WORK ITEM
Omitting all images, output the entries that follow exactly as written.

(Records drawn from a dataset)
===============

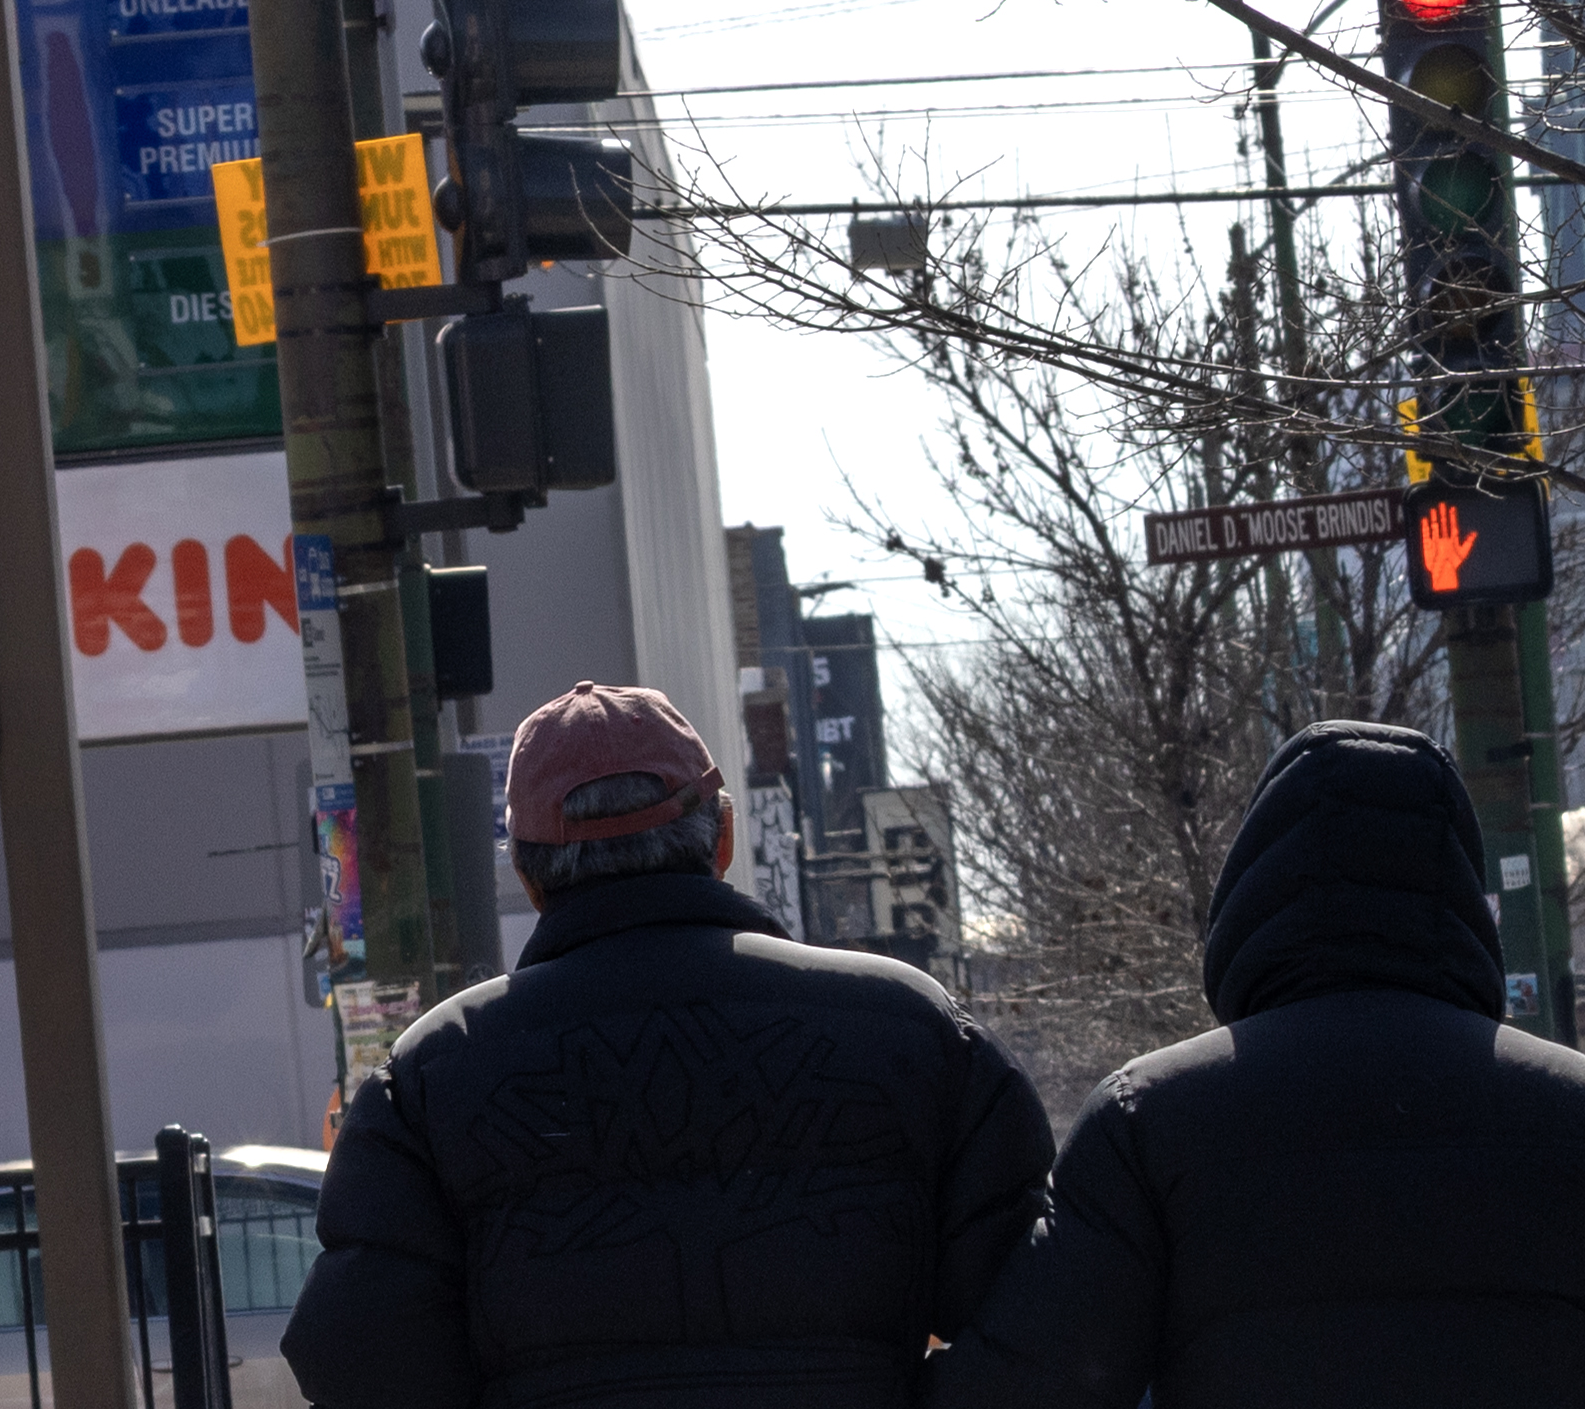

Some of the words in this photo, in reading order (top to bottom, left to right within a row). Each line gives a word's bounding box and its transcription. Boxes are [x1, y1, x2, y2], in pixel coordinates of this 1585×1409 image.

[157, 102, 254, 137] SUPER
[170, 292, 234, 324] DIES
[1156, 515, 1218, 556] DANIEL
[1224, 514, 1242, 548] D.
[1316, 498, 1391, 539] BRINDISI

===============

REPLY TO THE TASK
Some of the words in this photo, in reading order (top to bottom, left to right within a row). Each line gives a word's bounding box and its transcription. Boxes are [x1, y1, x2, y2], in pixel coordinates of this 1585×1409 image.

[157, 102, 254, 137] SUPER
[170, 292, 234, 324] DIES
[1156, 515, 1218, 556] DANIEL
[1224, 514, 1242, 548] D.
[1316, 498, 1391, 539] BRINDISI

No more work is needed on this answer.